• _TASK DETAILS_: Quote all of the data exactly as given. Skip every picture it contains.

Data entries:
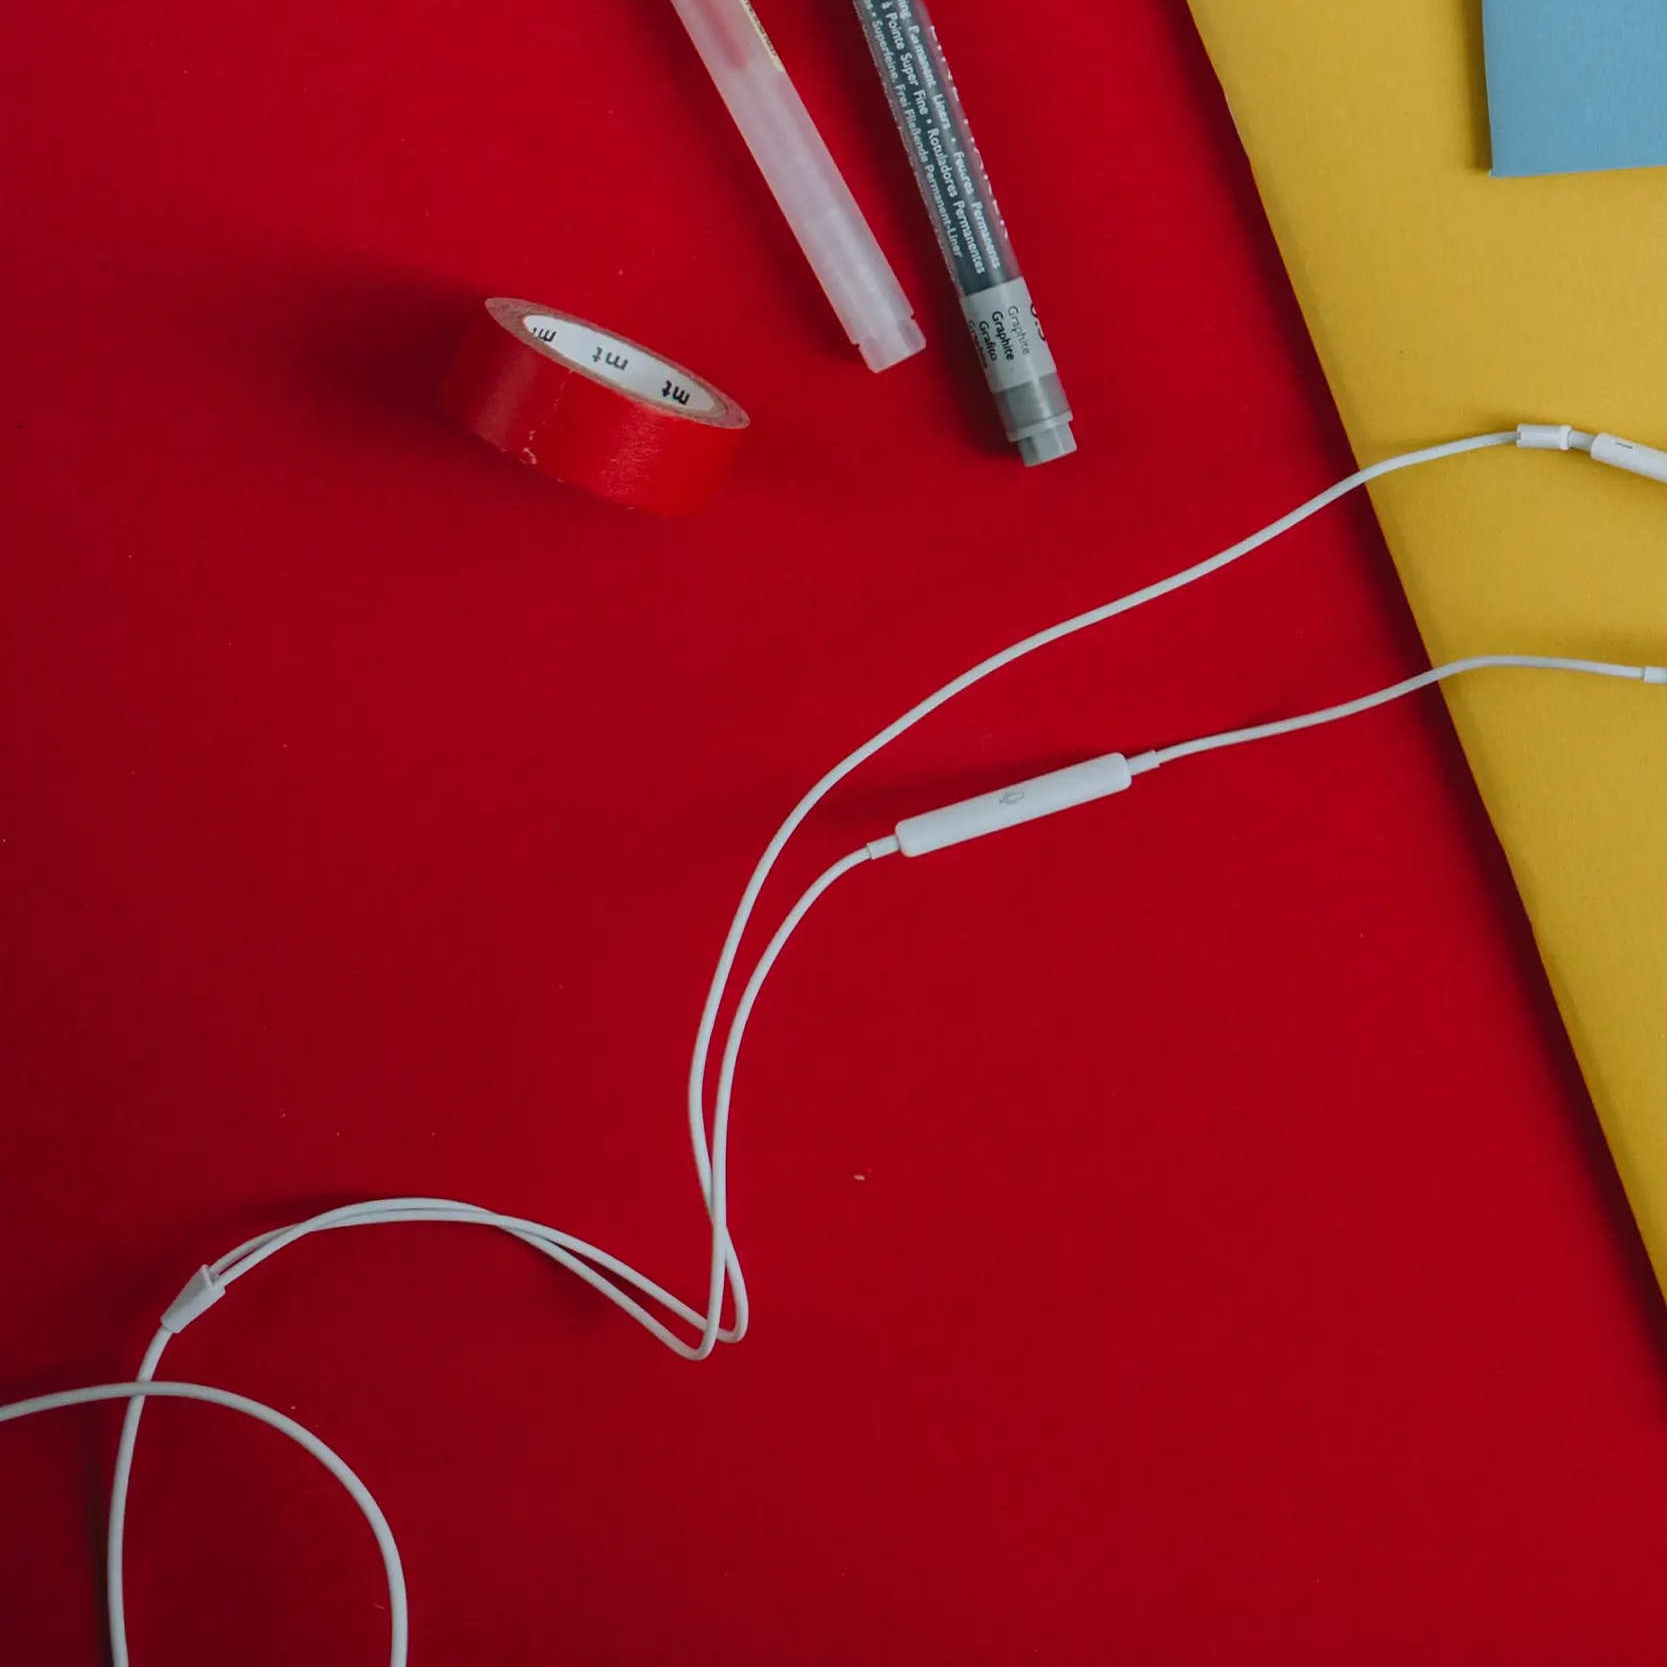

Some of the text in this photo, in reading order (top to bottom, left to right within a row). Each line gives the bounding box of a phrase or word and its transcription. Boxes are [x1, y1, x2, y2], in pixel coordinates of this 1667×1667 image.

[881, 1, 893, 10] à
[885, 12, 905, 50] Pointe
[900, 52, 919, 86] Super
[913, 89, 929, 115] Fine
[895, 83, 911, 107] Frei
[904, 108, 929, 163] Fließende
[925, 164, 963, 258] Permanent-Liner
[927, 128, 958, 198] Rotuladores
[932, 93, 952, 130] Liners
[970, 201, 1001, 270] Permanents
[952, 200, 985, 274] Permanentes
[978, 320, 998, 362] Grafito
[991, 310, 1015, 361] Graphite
[1007, 305, 1030, 355] Graphite
[592, 346, 629, 371] mt
[661, 380, 691, 406] mt

• _SOLUTION FOR THIS EXERCISE_:
Some of the text in this photo, in reading order (top to bottom, left to right within a row). Each line gives the bounding box of a phrase or word and its transcription. Boxes are [x1, y1, x2, y2], in pixel coordinates of this 1667×1667 image.

[881, 1, 893, 10] à
[885, 12, 905, 50] Pointe
[900, 52, 919, 86] Super
[913, 89, 929, 115] Fine
[895, 83, 911, 107] Frei
[904, 108, 929, 163] Fließende
[925, 164, 963, 258] Permanent-Liner
[927, 128, 958, 198] Rotuladores
[932, 93, 952, 130] Liners
[970, 201, 1001, 270] Permanents
[952, 200, 985, 274] Permanentes
[978, 320, 998, 362] Grafito
[991, 310, 1015, 361] Graphite
[1007, 305, 1030, 355] Graphite
[592, 346, 629, 371] mt
[661, 380, 691, 406] mt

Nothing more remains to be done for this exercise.